An image formed and faded. “I guess it can wait,” he said.

  “If you can make me look like anything,” said Corvus, “make me look like a normal guy now. Let me try having a meal as someone besides me or a monster.”

  Opal closed her eyes, so deeply tired she wasn’t sure she could handle anything demanding. She went to her study and checked her power reservoir. It held an assortment of shades of power. She held out a hand toward a streamer of blue that looked friendly and uncomplicated, and it rose from the array, touched her palm, slid into her. The blue power revived her, like three sips of water on a hot day—a temporary but convincing state.

  She envisioned a Corvus shorter than the one she knew, shrank his features and his stature until he looked—strangely normal, almost nondescript. She decided to dress him in a brown sports jacket, pale blue shirt, dark slacks, and brown shoes. When she had the vision complete, she flicked it over the tall black-robed man in front of her and opened her eyes.

  Corvus reduced: she wouldn’t have looked twice, except he smiled, and his eyes lit up, and then he was present in a way she knew and loved, from the inside. “Done?” he asked.

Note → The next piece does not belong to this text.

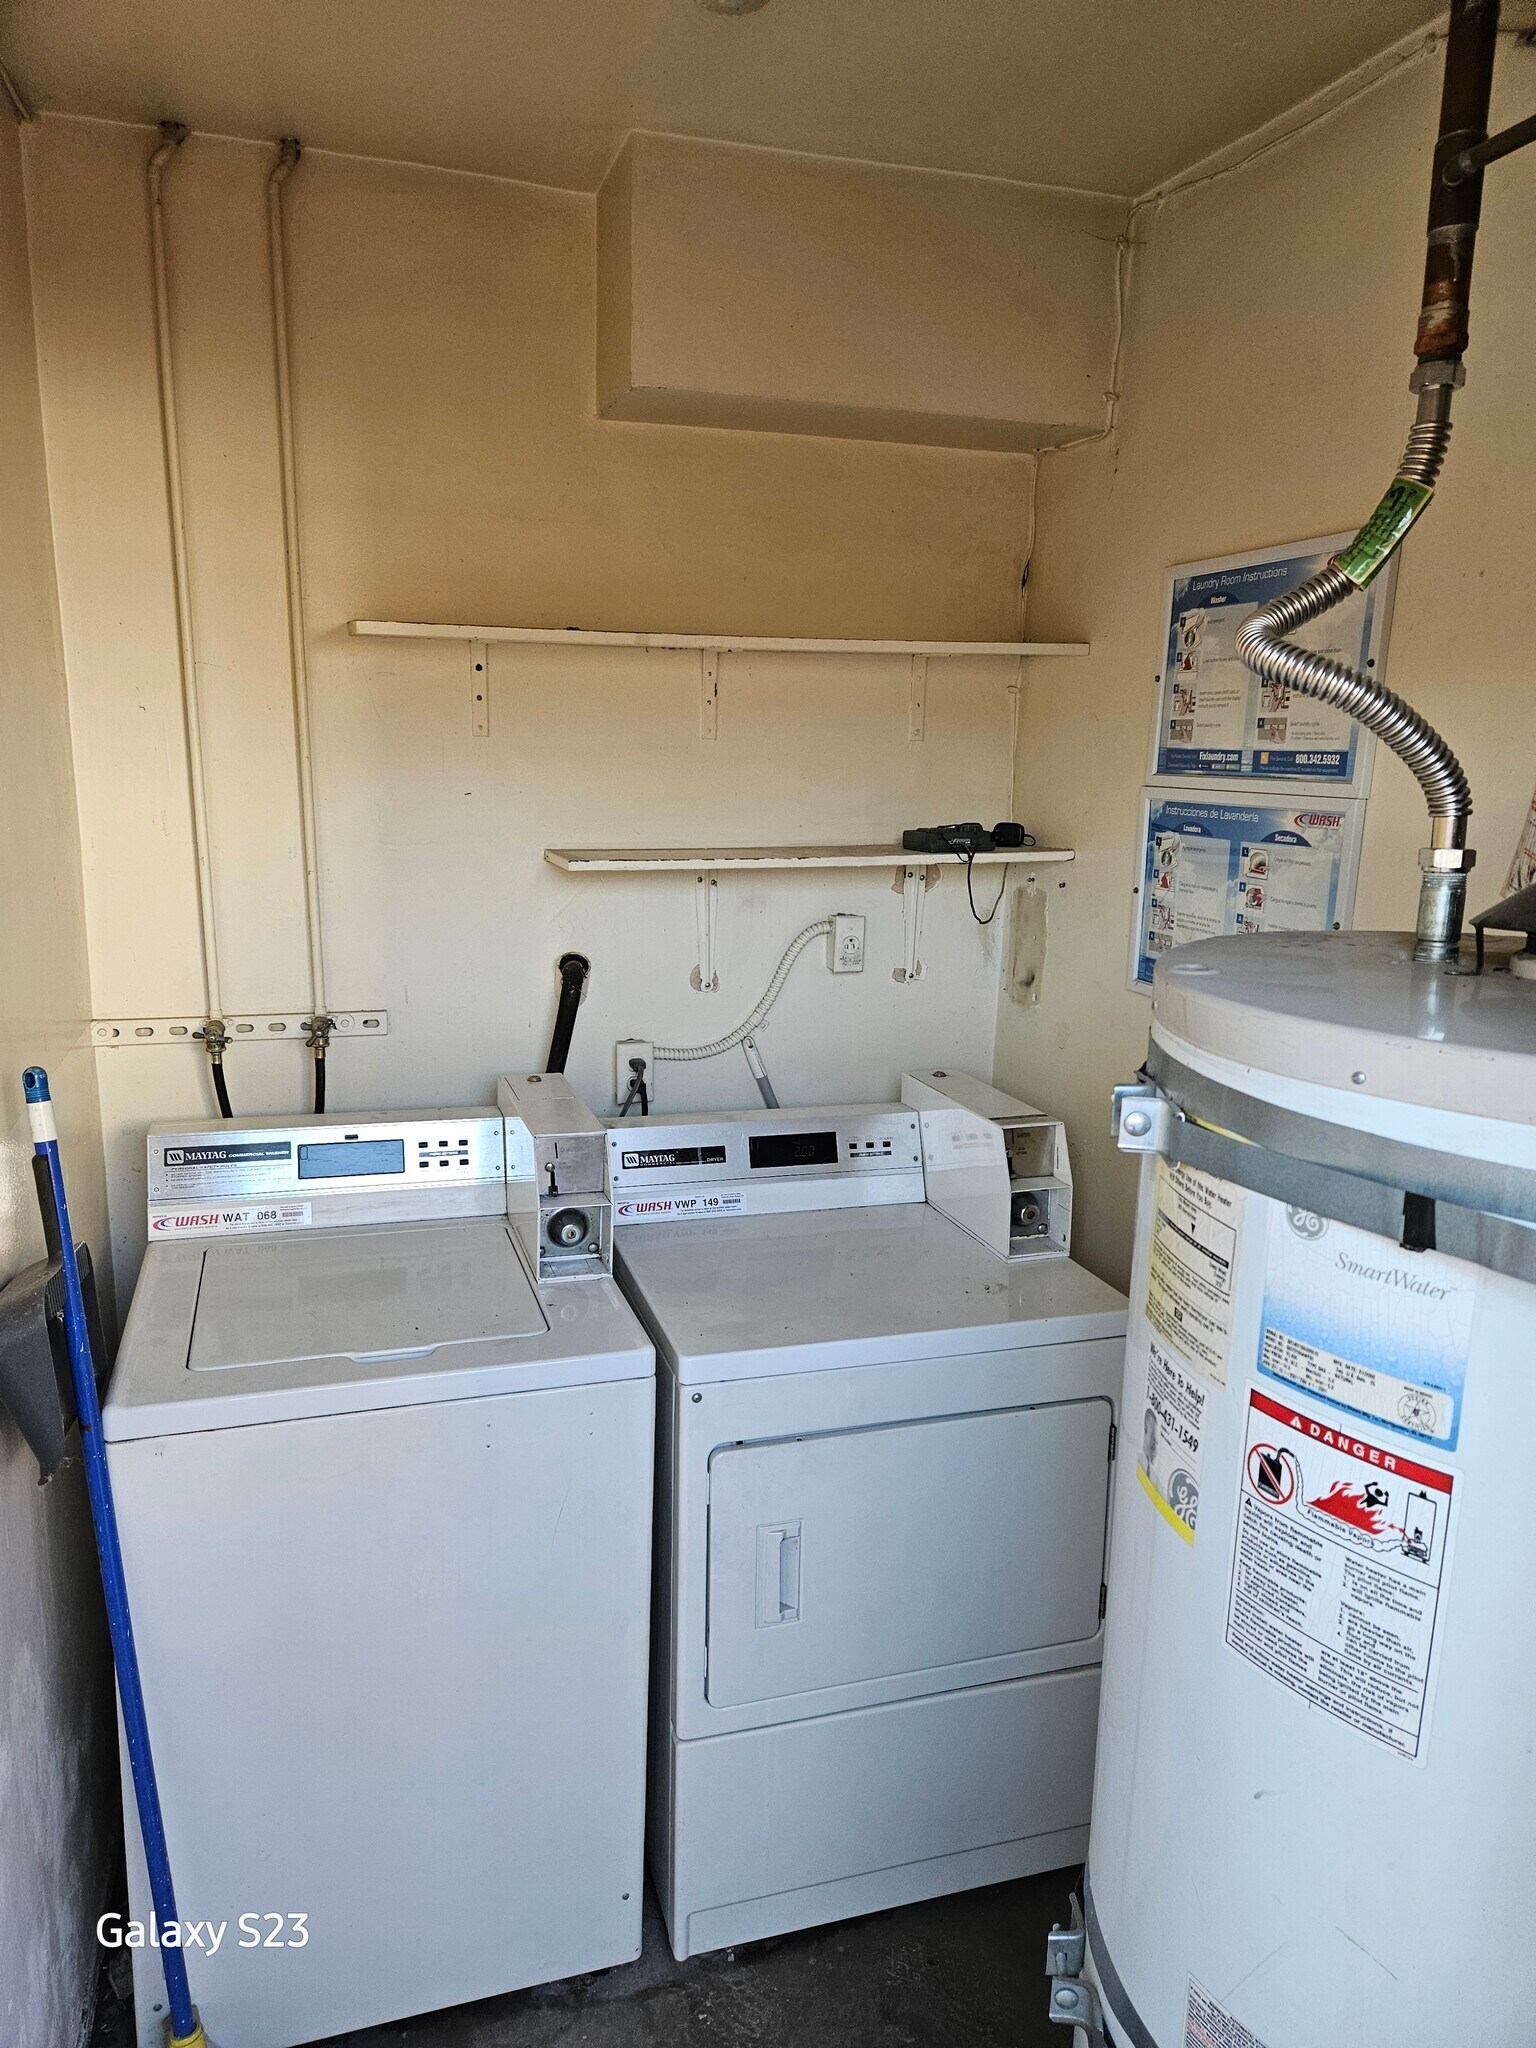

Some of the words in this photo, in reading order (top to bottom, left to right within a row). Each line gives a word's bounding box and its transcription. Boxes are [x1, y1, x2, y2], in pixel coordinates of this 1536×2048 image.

  “Done. I haven’t changed your size, just how you look. You’ll need to be careful moving around; you take up more room than it appears. Or did you want the complete transformation? I’m not sure I have enough energy for that right now.”

  “You can do that?”

  She smiled, shrugged with shoulders and eyebrows.

  “Let me see.” He rose, stared into the mirror over the dresser. His eyes widened. “Heavens. Do you see what I see?” He turned to Tobias, eyebrows up.

  “Opal is very good at what she does. You look like someone I would pass on the street without a second thought.”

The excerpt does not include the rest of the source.